Received-SPF: pass (google.com: domain of linux-kernel+bounces-91041-linux.lists.archive=gmail.com@vger.kernel.org designates 2604:1380:45d1:ec00::1 as permitted sender) client-ip=2604:1380:45d1:ec00::1;
Date: Mon, 4 Mar 2024 09:55:06 -0800
In-Reply-To: <1880816055.4545532.1709260250219.JavaMail.zimbra@sjtu.edu.cn>
Precedence: bulk
Mime-Version: 1.0
References: <1880816055.4545532.1709260250219.JavaMail.zimbra@sjtu.edu.cn>
Message-ID: <ZeYK-hNDQz5cFhre@google.com>
Subject: Re: [PATCH] KVM:SVM: Flush cache only on CPUs running SEV guest
From: Sean Christopherson <seanjc@google.com>
To: Zheyun Shen <szy0127@sjtu.edu.cn>
Cc: pbonzini@redhat.com, tglx@linutronix.de, kvm@vger.kernel.org, 
	linux-kernel@vger.kernel.org, Tom Lendacky <thomas.lendacky@amd.com>
Content-Type: text/plain; charset="us-ascii"

+Tom

"KVM: SVM:" for the shortlog scope.

On Fri, Mar 01, 2024, Zheyun Shen wrote:
> On AMD CPUs without ensuring cache consistency, each memory page reclamation in
> an SEV guest triggers a call to wbinvd_on_all_cpus, thereby affecting the
> performance of other programs on the host.
> 
> Typically, an AMD server may have 128 cores or more, while the SEV guest might only
> utilize 8 of these cores.

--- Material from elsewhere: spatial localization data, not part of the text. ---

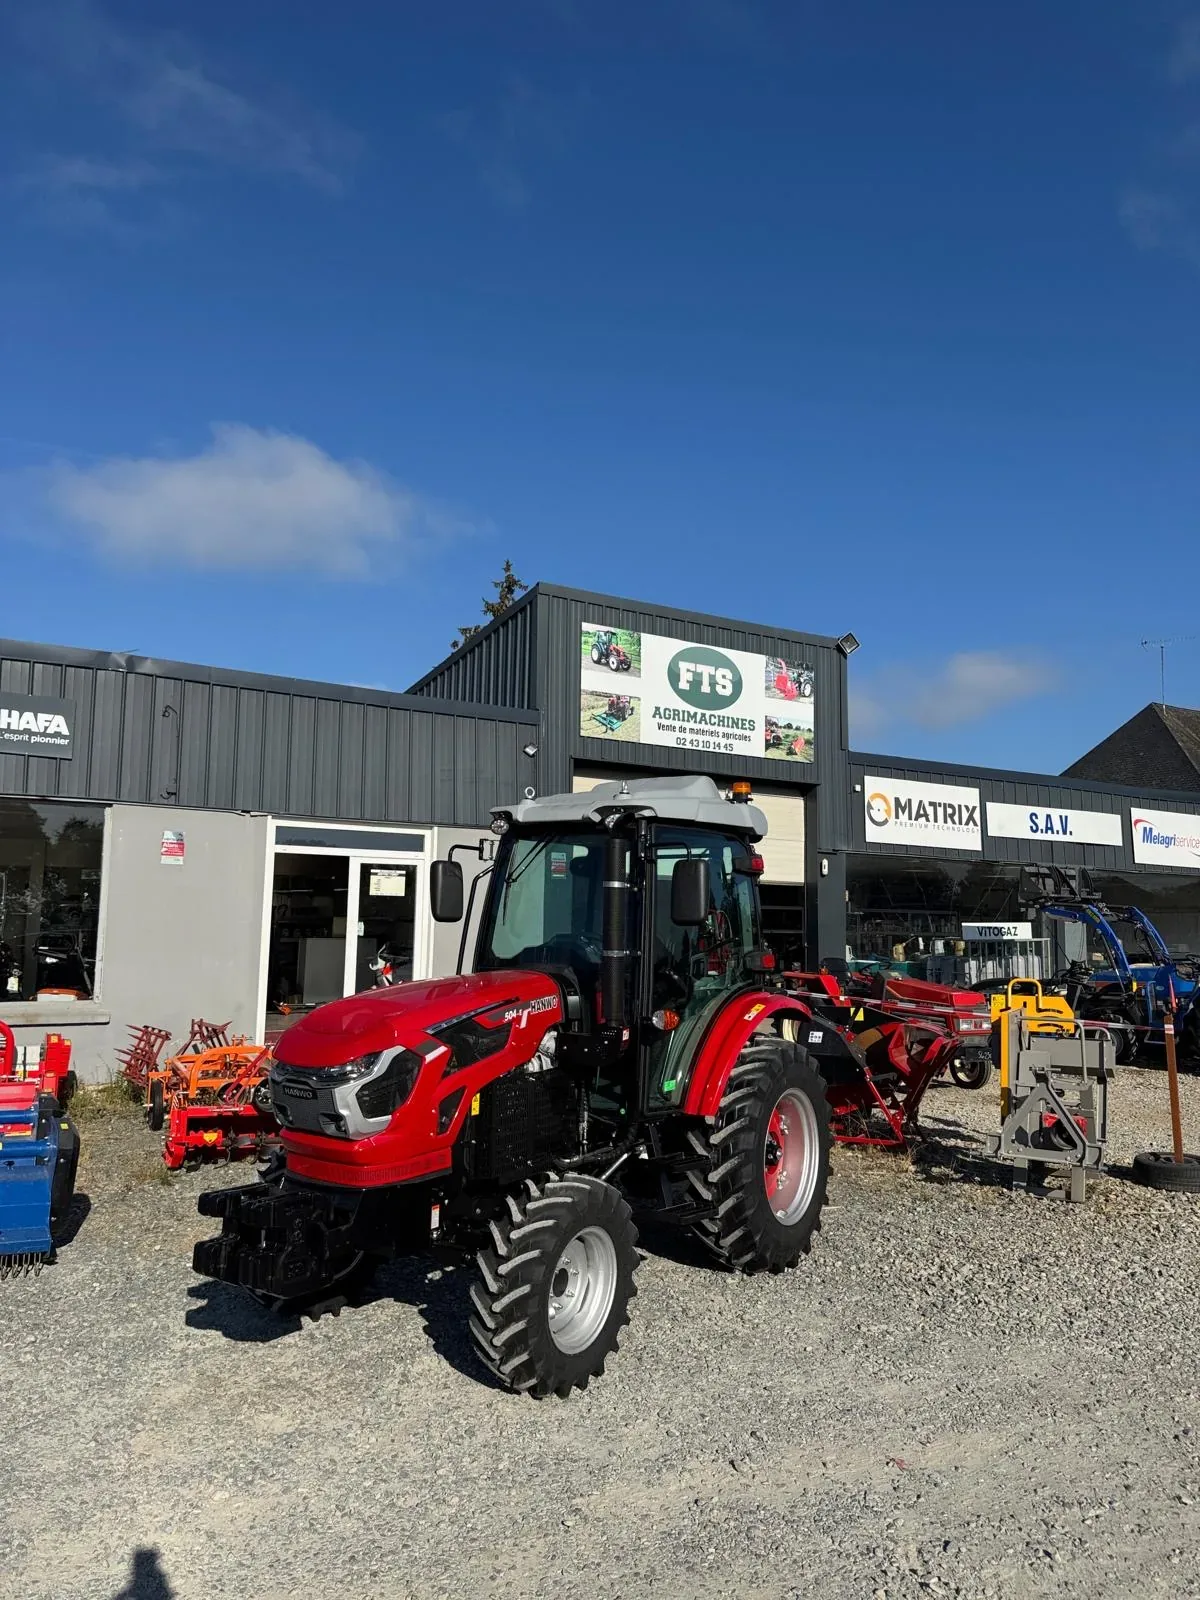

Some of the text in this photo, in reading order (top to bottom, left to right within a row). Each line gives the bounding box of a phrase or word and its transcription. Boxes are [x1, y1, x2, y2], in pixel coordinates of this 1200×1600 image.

[678, 661, 733, 697] FTS
[0, 708, 70, 736] HAFA
[652, 706, 756, 732] AGRIMACHINES
[31, 734, 70, 745] pionnier
[657, 722, 677, 733] Vente
[678, 725, 687, 734] de
[721, 731, 752, 743] agricoles
[676, 737, 734, 752] 02 43 10 14 45
[894, 796, 979, 827] MATRIX
[894, 820, 980, 834] PREMIUM TECHNOLOGY
[1029, 812, 1073, 836] S.A.V.
[529, 995, 558, 1015] HANWO

Meanwhile, host can use qemu-affinity to bind these 8 vCPUs
> to specific physical CPUs.
> 
> Therefore, keeping a record of the physical core numbers each time a vCPU runs
> can help avoid flushing the cache for all CPUs every time.

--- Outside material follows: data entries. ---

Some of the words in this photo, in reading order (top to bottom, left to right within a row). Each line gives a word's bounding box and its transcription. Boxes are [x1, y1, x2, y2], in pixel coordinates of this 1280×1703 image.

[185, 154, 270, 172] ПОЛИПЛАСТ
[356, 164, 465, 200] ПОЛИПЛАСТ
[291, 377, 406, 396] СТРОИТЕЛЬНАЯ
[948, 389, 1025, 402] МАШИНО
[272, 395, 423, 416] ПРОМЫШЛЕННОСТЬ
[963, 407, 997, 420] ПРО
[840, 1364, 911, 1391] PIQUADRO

This needs an unequivocal statement from AMD that flushing caches only on CPUs
that do VMRUN is sufficient.  That sounds like it should be obviously correct,
as I don't see how else a cache line can be dirtied for the encrypted PA, but
this entire non-coherent caches mess makes me more than a bit paranoid.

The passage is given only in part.